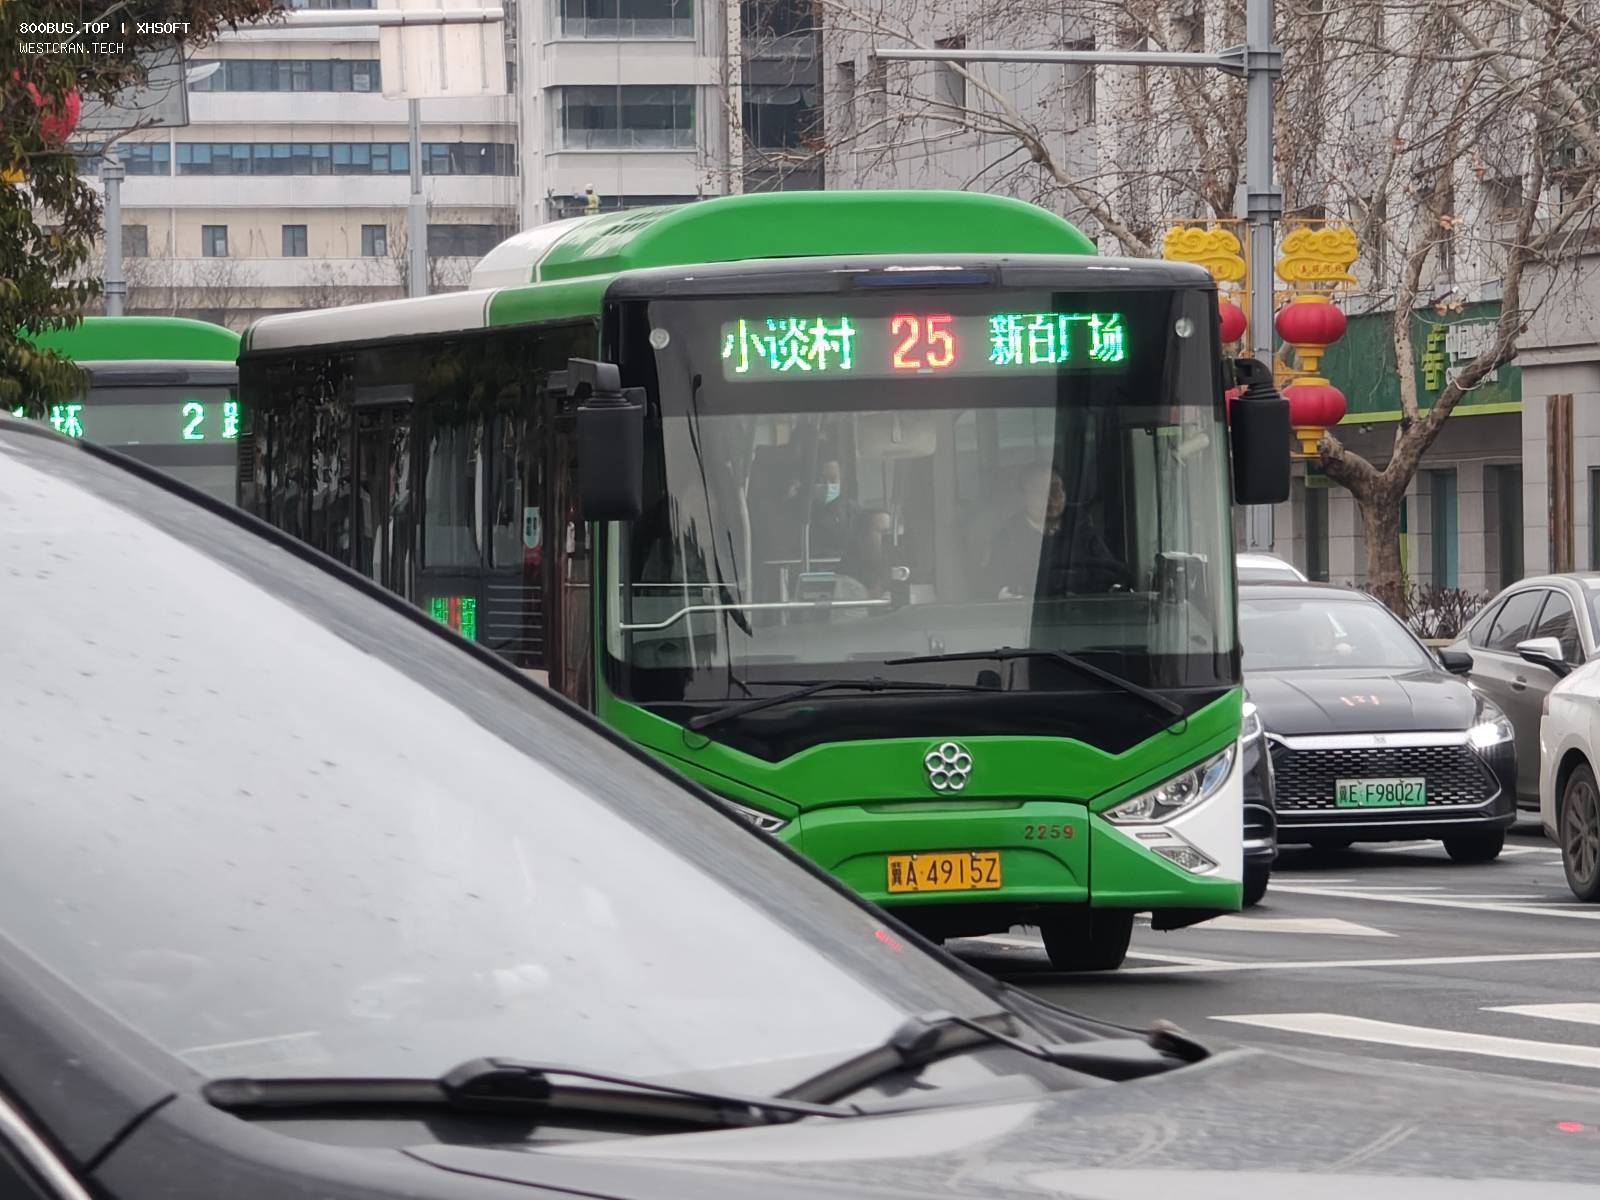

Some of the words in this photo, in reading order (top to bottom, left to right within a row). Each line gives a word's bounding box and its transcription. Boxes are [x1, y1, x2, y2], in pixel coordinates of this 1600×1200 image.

[722, 317, 855, 372] 小谈村
[891, 315, 955, 369] 25
[989, 313, 1125, 364] 新百广场
[182, 402, 205, 440] 2
[1024, 825, 1074, 840] 2259

[EXERCISE OBJECTIVE]: Every line above should be duplicated exactly; the pictures are to be left out.

[YOUR SOLUTION]:
Some of the words in this photo, in reading order (top to bottom, left to right within a row). Each line gives a word's bounding box and its transcription. Boxes are [x1, y1, x2, y2], in pixel coordinates of this 1600×1200 image.

[722, 317, 855, 372] 小谈村
[891, 315, 955, 369] 25
[989, 313, 1125, 364] 新百广场
[182, 402, 205, 440] 2
[1024, 825, 1074, 840] 2259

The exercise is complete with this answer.